▸ **Exercise requirements**
Restate word for word all of the lines below, with each image left out.

(Saved entries)
==========

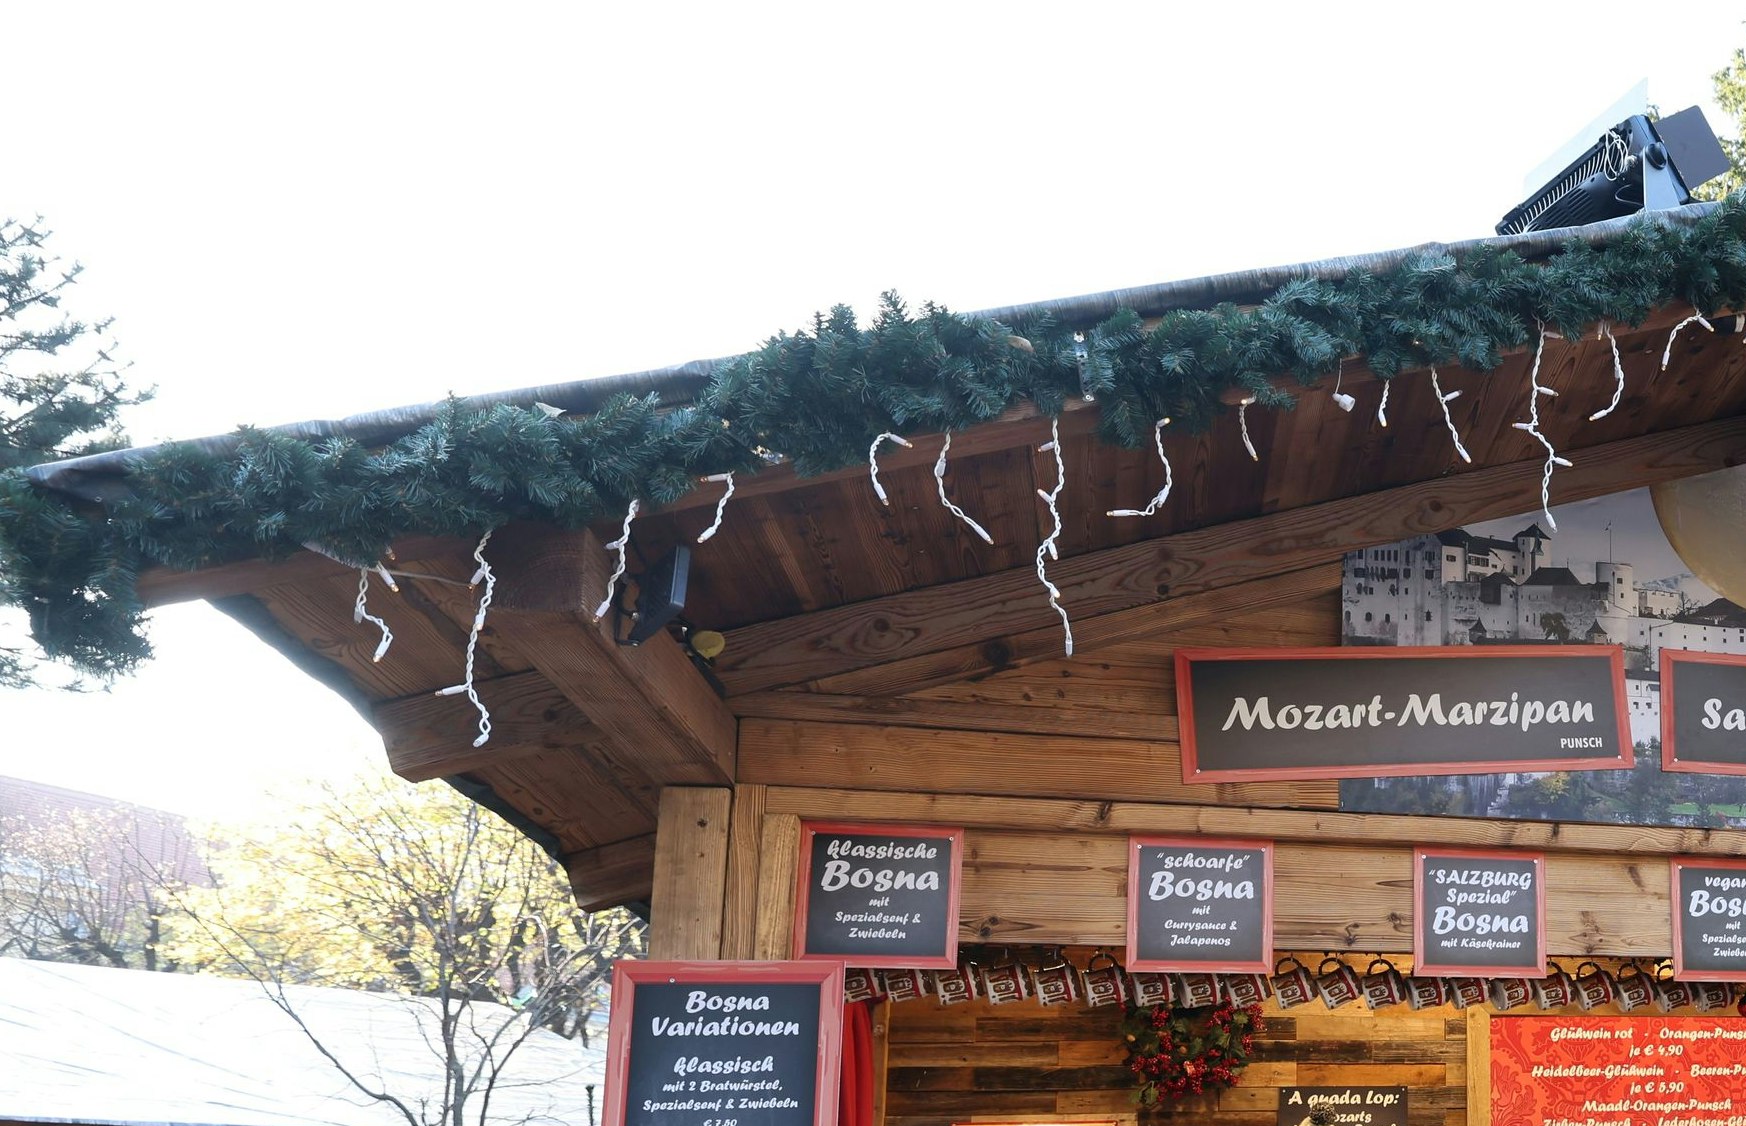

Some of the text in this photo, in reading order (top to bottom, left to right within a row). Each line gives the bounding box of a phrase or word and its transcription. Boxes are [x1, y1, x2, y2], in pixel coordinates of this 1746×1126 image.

[1222, 692, 1594, 732] Mozart-Marzipan
[1560, 737, 1602, 748] PUNSCH
[827, 840, 937, 860] klassische
[821, 860, 939, 892] Bosna
[1149, 871, 1254, 901] Bosna
[869, 896, 889, 907] mit
[1192, 905, 1210, 915] mit
[835, 911, 921, 925] Spezialsenf &
[1164, 919, 1237, 931] Currysauce &
[1433, 906, 1528, 935] Bosna
[1726, 921, 1741, 930] mit
[848, 928, 906, 939] Zwiebeln
[1170, 934, 1231, 947] Jalapenos
[1441, 938, 1521, 950] mit Käsekrainer
[685, 991, 769, 1013] Bosna
[652, 1016, 799, 1036] Variationen
[1550, 1027, 1611, 1042] Glühwein
[1615, 1028, 1633, 1039] rot
[1629, 1045, 1683, 1058] je € 4,90
[674, 1056, 773, 1077] klassisch
[1531, 1064, 1664, 1079] Heidelbeer-Glühwein
[662, 1079, 782, 1092] mit 2 Bratwürstel,
[643, 1097, 798, 1112] Spezialsenf & Zwiebeln
[1288, 1091, 1303, 1105] A
[1366, 1090, 1400, 1107] Lop:
[1581, 1098, 1732, 1114] Maadl-Orangen-Punsch
[1334, 1111, 1372, 1123] ozarts
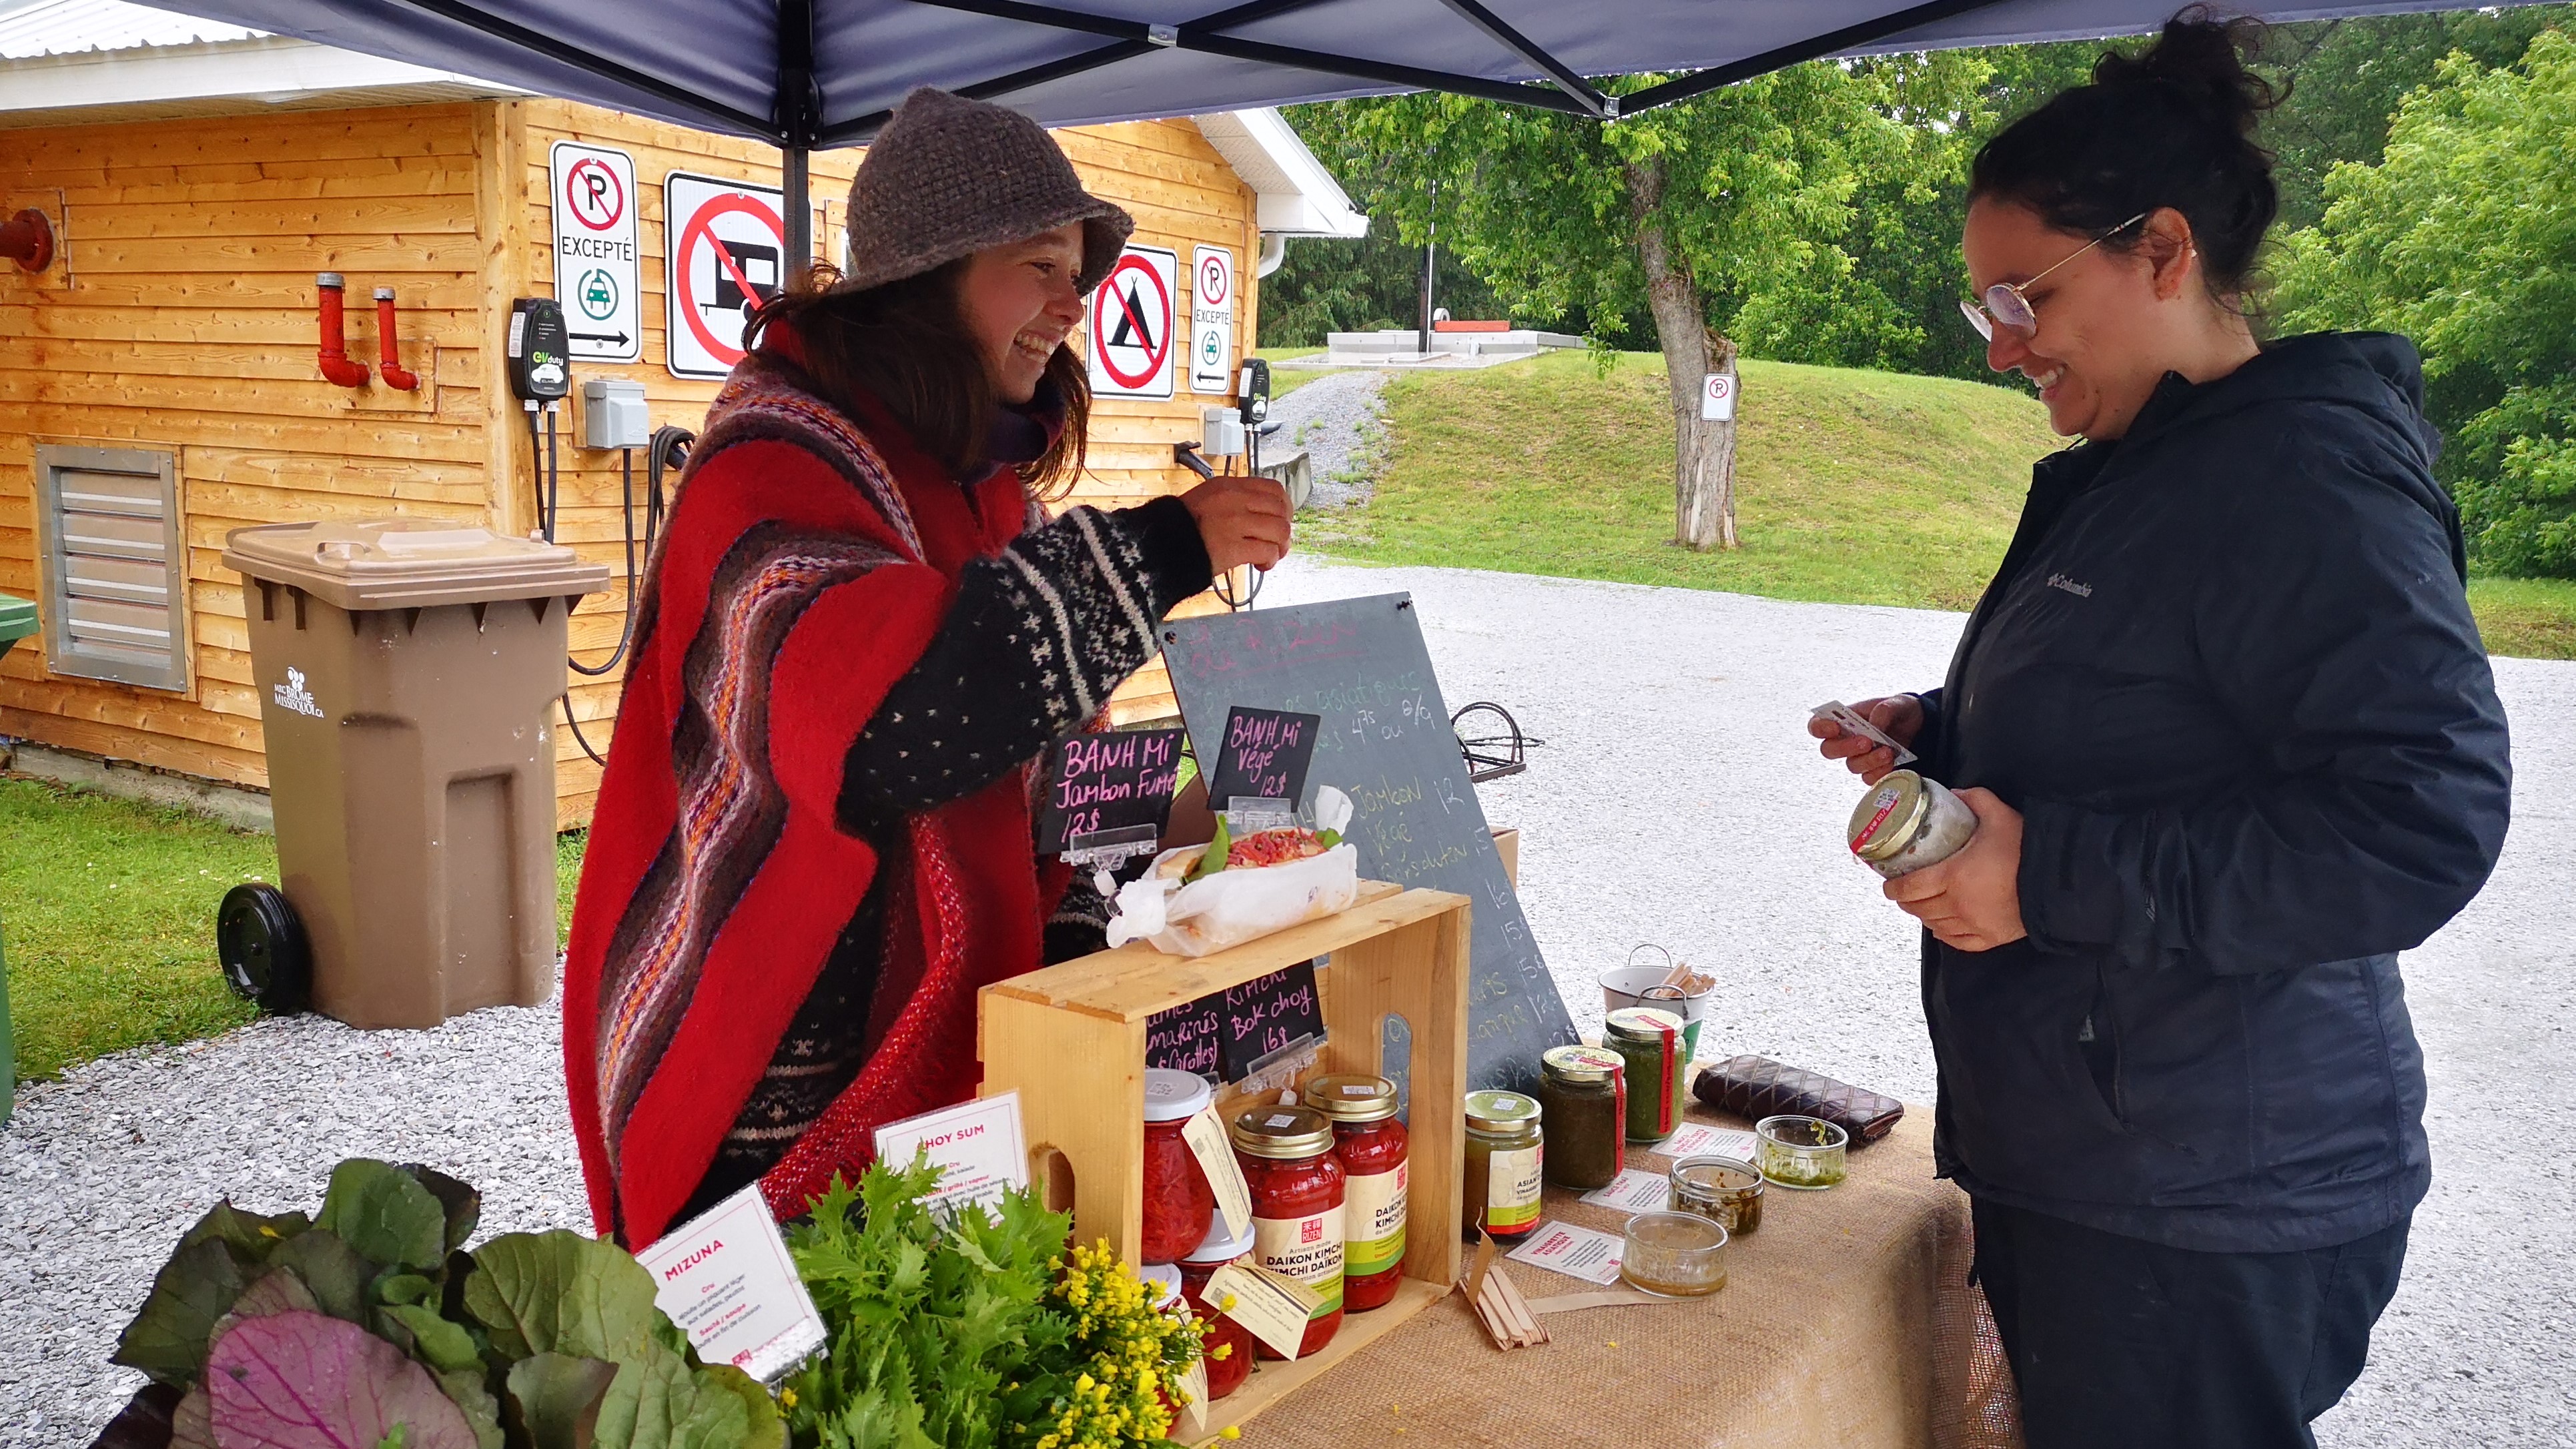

==========

▸ **Solved problem**
Some of the text in this photo, in reading order (top to bottom, left to right within a row). Each line gives the bounding box of a phrase or word and its transcription. Boxes are [x1, y1, x2, y2], in pixel coordinates of this 1746×1126 image.

[1222, 692, 1594, 732] Mozart-Marzipan
[1560, 737, 1602, 748] PUNSCH
[827, 840, 937, 860] klassische
[821, 860, 939, 892] Bosna
[1149, 871, 1254, 901] Bosna
[869, 896, 889, 907] mit
[1192, 905, 1210, 915] mit
[835, 911, 921, 925] Spezialsenf &
[1164, 919, 1237, 931] Currysauce &
[1433, 906, 1528, 935] Bosna
[1726, 921, 1741, 930] mit
[848, 928, 906, 939] Zwiebeln
[1170, 934, 1231, 947] Jalapenos
[1441, 938, 1521, 950] mit Käsekrainer
[685, 991, 769, 1013] Bosna
[652, 1016, 799, 1036] Variationen
[1550, 1027, 1611, 1042] Glühwein
[1615, 1028, 1633, 1039] rot
[1629, 1045, 1683, 1058] je € 4,90
[674, 1056, 773, 1077] klassisch
[1531, 1064, 1664, 1079] Heidelbeer-Glühwein
[662, 1079, 782, 1092] mit 2 Bratwürstel,
[643, 1097, 798, 1112] Spezialsenf & Zwiebeln
[1288, 1091, 1303, 1105] A
[1366, 1090, 1400, 1107] Lop:
[1581, 1098, 1732, 1114] Maadl-Orangen-Punsch
[1334, 1111, 1372, 1123] ozarts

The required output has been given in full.